In 2017 the game development team Harmonix, creators of Rockband, released a card game called DropMix. DropMix was a card game about being a DJ. You collected cards which each had a track on it and dropped those cards on the game board which then started to play music thanks to the NFC chips in the cards. I loved the game, as a big card and board games fan I’m always looking for something different. DropMix was limited to the cards you collected and it cost quite a lot to get the whole package. DropMix is the origins of Fuser except it is now expanded and available on consoles.
Fuser is the same concept as DropMix, you are a DJ with a crate of songs, each with each element of the songs separated. Each set you have to drop discs onto your virtual DJ table and mix them with various techniques. The rhythm element is switching between songs and adding songs in, you can also add in beats made by yourself in the game.

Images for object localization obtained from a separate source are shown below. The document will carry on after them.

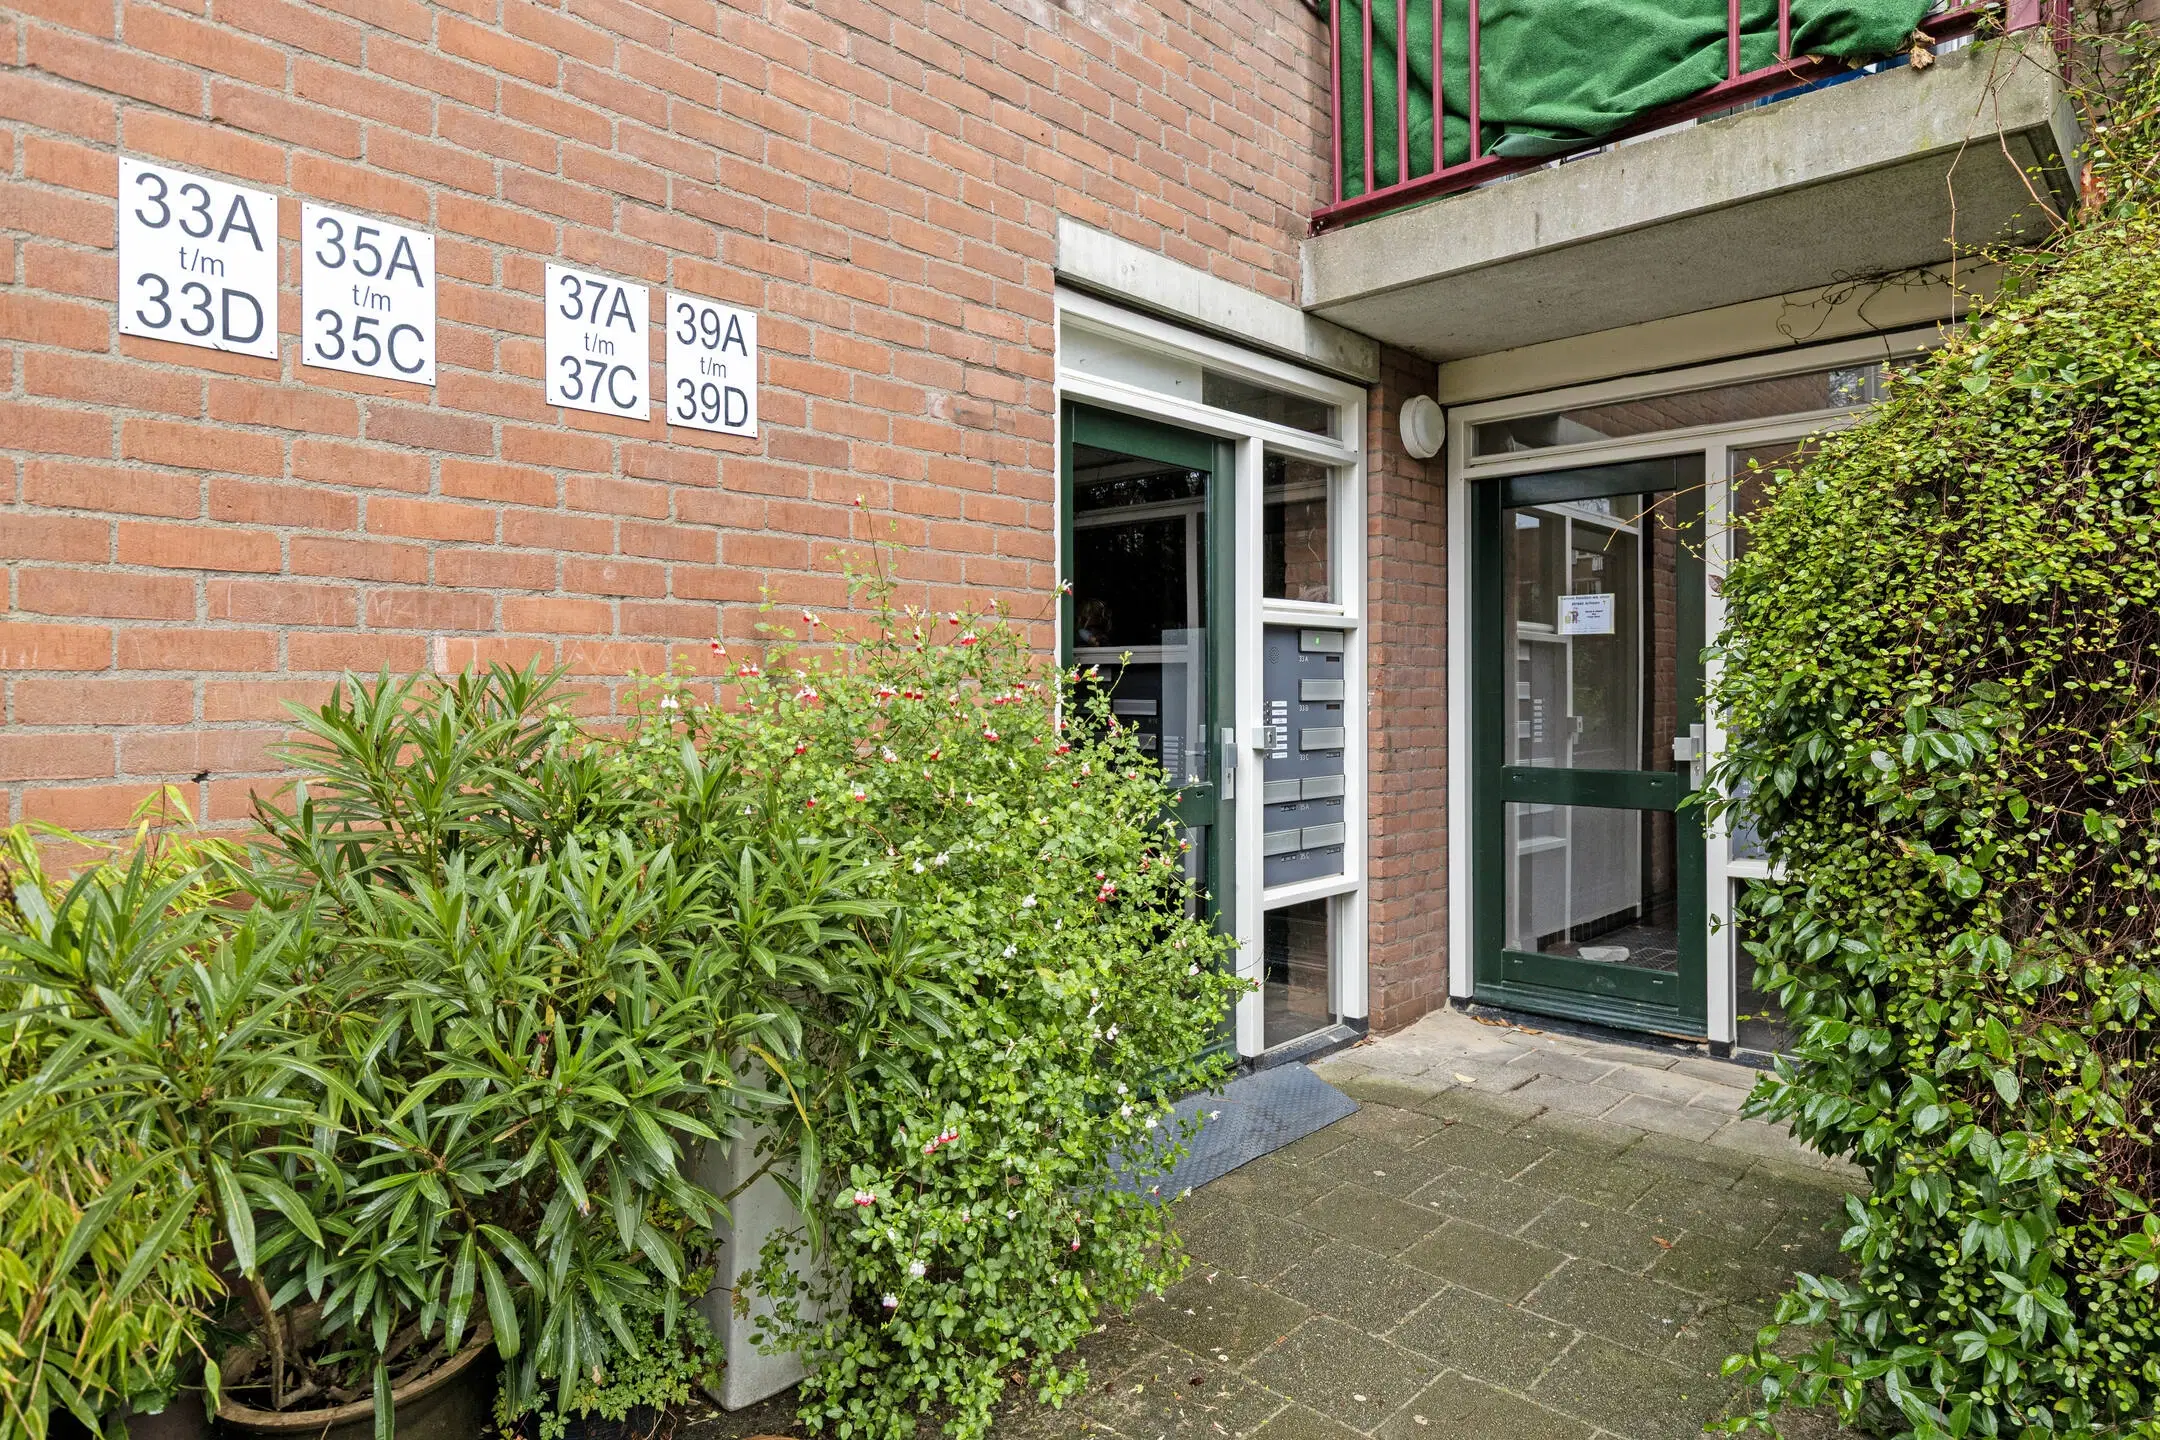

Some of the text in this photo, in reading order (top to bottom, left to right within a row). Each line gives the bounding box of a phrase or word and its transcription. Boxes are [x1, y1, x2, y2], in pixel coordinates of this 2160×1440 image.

[136, 173, 263, 251] 33A
[179, 247, 223, 276] t/m
[316, 217, 424, 287] 35A
[136, 273, 263, 343] 33D
[353, 285, 390, 311] t/m
[560, 275, 635, 332] 37A
[315, 309, 424, 373] 35C
[585, 333, 613, 355] t/m
[677, 303, 747, 356] 39A
[560, 356, 637, 409] 37C
[700, 357, 726, 377] t/m
[677, 378, 748, 427] 39D
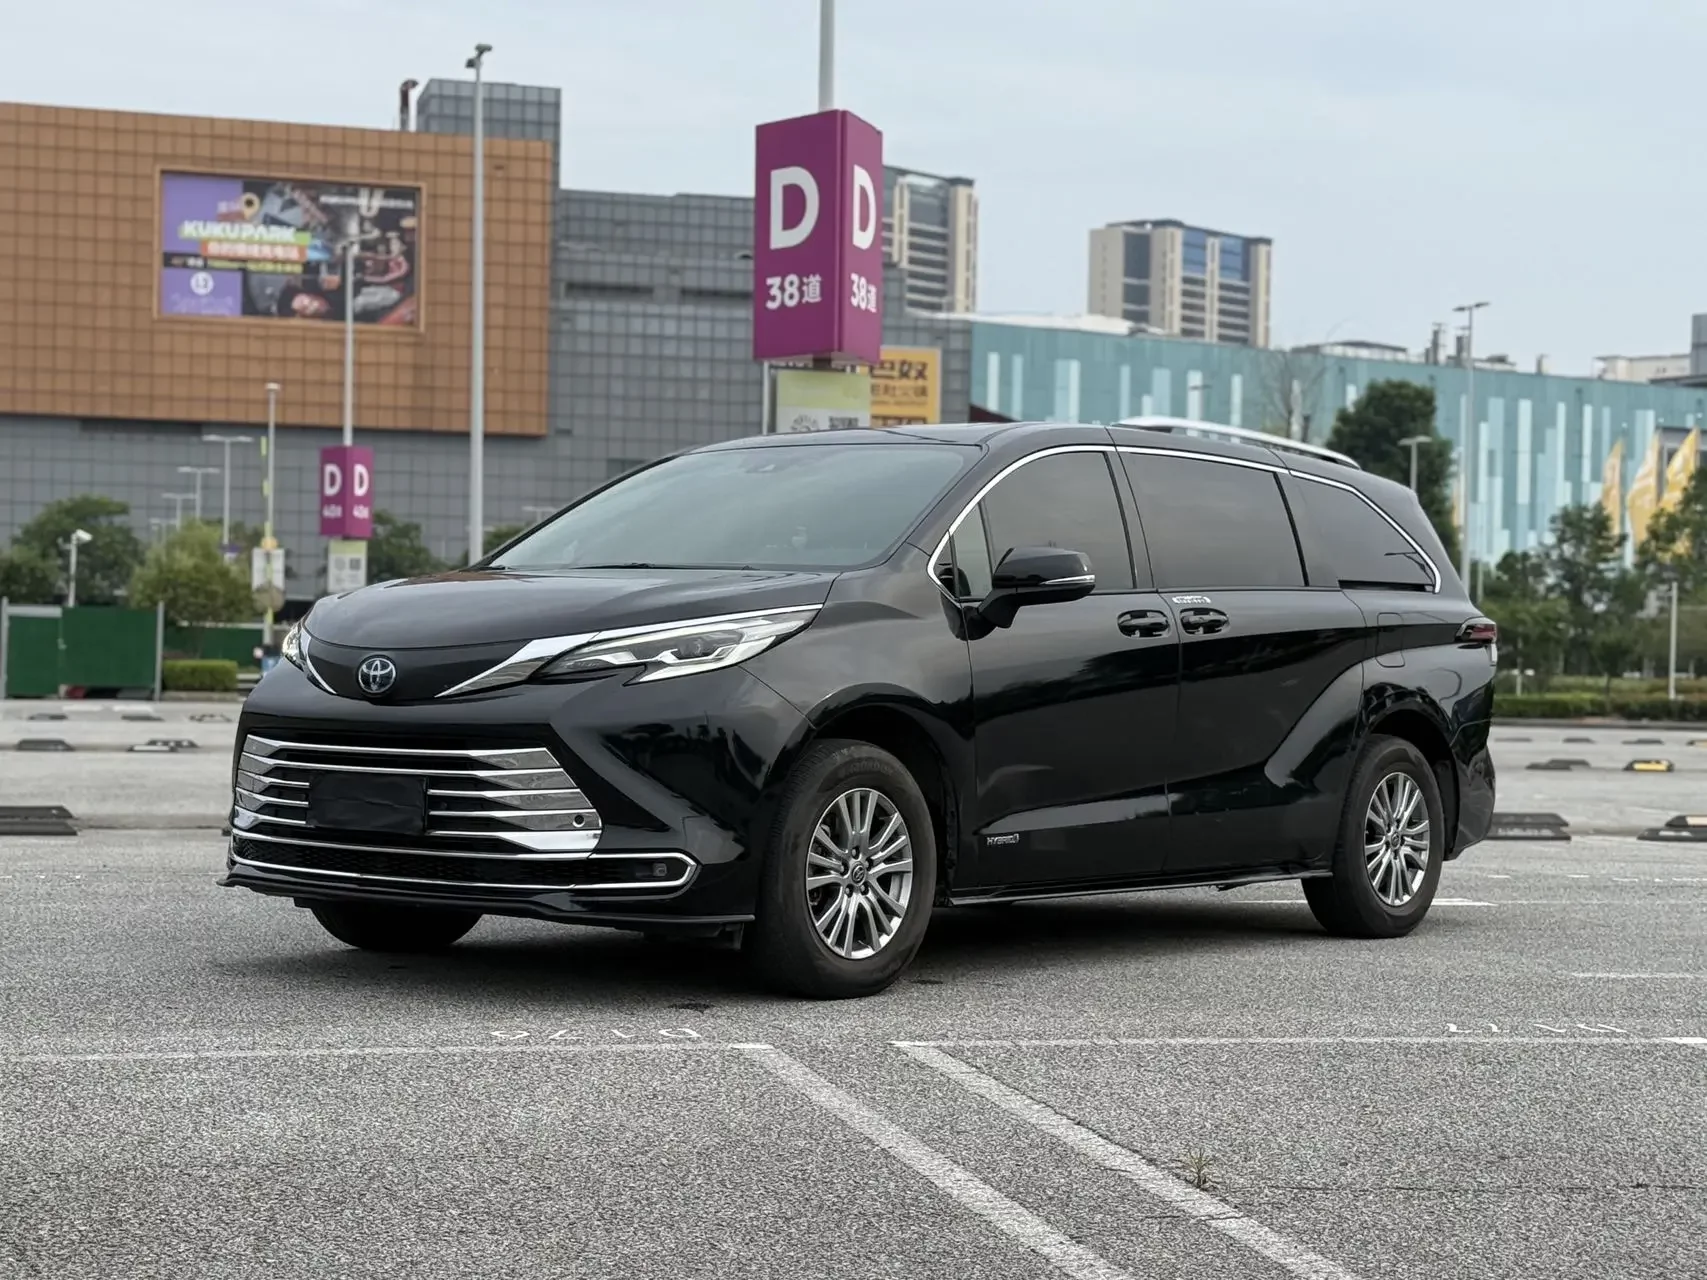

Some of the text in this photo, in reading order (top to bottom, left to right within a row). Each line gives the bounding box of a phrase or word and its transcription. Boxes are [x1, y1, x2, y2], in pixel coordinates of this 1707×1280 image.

[770, 166, 820, 250] D
[853, 164, 877, 250] D
[766, 273, 822, 309] 38道
[850, 273, 877, 313] 38道
[324, 463, 342, 496] D
[353, 463, 370, 496] D
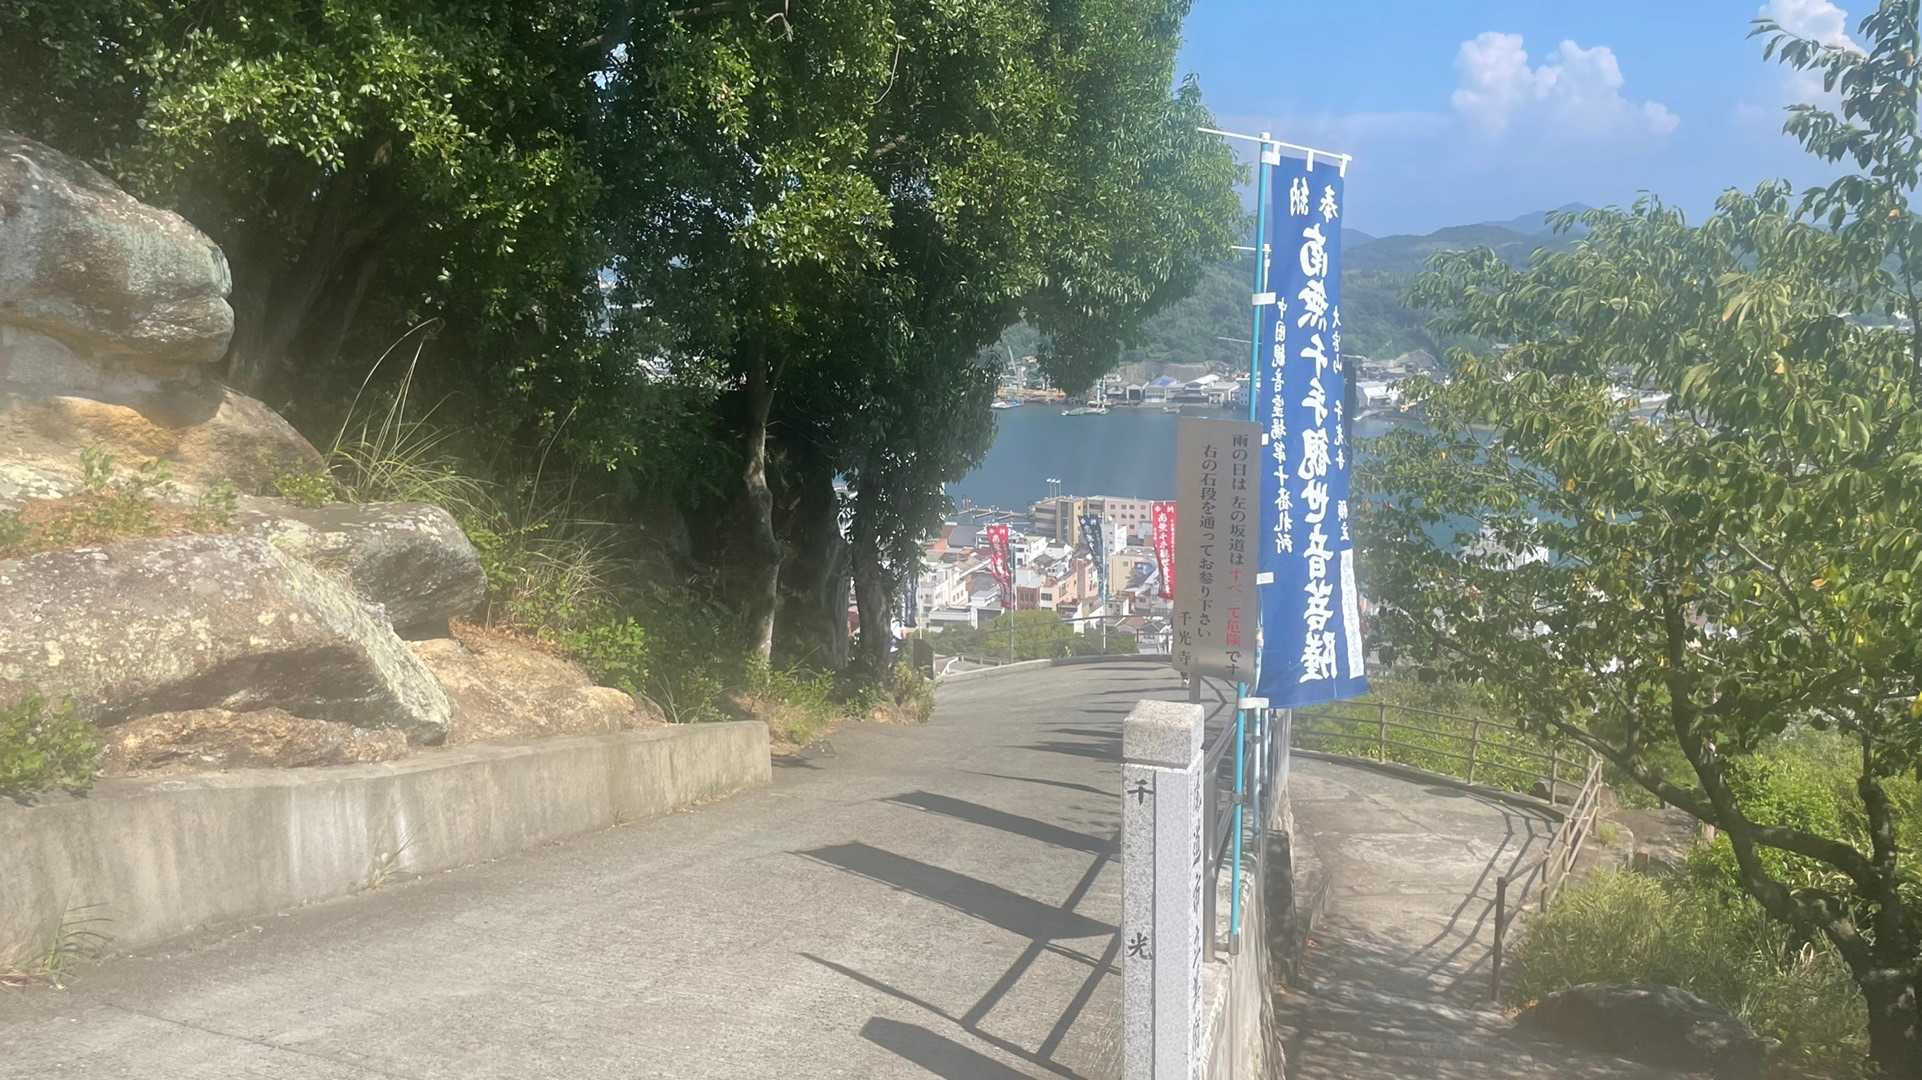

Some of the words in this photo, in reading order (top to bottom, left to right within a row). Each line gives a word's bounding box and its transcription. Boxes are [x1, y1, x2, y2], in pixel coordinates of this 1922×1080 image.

[1199, 444, 1217, 637] 右の石段を通ってお参り下さい

Fuser has a few ways to play, the campaign which sees you learn new skills and complete different stages is quite a good length. I found myself completing one stage a night which kept the game fresh and having a lot of replayability. You can also play freestyle and just mix tracks to your heart’s content and play multiplayer online mixing tracks with other players. My favourite feature that I found myself spending a lot of time on was the social aspect of listening to other players mixes.
Going into Fuser’s social section will present you with featured mixes by other players which you can give praise too and it’s really quite satisfying creating a mix and having a random player praising it. Getting into the music is key and constantly wanting to try out different techniques and attempting to perfectly mix tracks is what keeps the playability of Fuser alive. Hitting the perfect beat on a mix and hearing the fake crowd cheer is a great feeling. Creating your own DJ, mine is an astronaut, and making 80’s to 00’s mixes is my DJ’s speciality.
Fuser is also a difficult game to master at times, with many mixing options there is a lot of ways to get a five-star performance. I only got a five-star performance once in my first play-through which was felt like finally beating a major boss after dying over and over again. Freestyling and finding different ways to mix in Call Me Maybe is also just as exciting.
The downside to Fuser, which comes with the high price of music licensing, is the cost. There are over a hundred songs in the game for you to mix. There are also special edition versions with more songs and preorder bonuses with a few more. I was lucky enough to get a code from Harmonix which was the deluxe edition, that edition includes some of my favourites from DropMix like Bring Me to Life by Evanescence. The pre-order songs include one of my favourite songs, Mr Brightside by The Killers.
I love unlocking things in games, unlocking songs in the game is fun but the paywall in front of a fair chunk of the songs will be the only thing hindering Fuser’s success. I would love to play Fuser on my iPad on the go but that would be far too expensive as the regular version is £59.99 and the VIP edition is £100. Adding in the fact that the game is hard to stream and show off without getting copyright strikes it really leaves Fuser in a tricky spot of being a great game that may not get noticed for a while.
As Rhythm games go Fuser makes me want to play Rockband and Guitar Hero. It feels like every few years there’s a new big Rythm game to revive the genre. Fuser is that game, its the game you can play with your friends, the game you bring out at parties and late-night jams. Fuser is the next evolution of popular rhythm-based games and overtime if its library is extended and the price drops a little then I think the game will be a raging success. If you’re a fan of Rockband and Guitar Hero then Fuser is the game for you, it’s just a shame it costs so much to play now.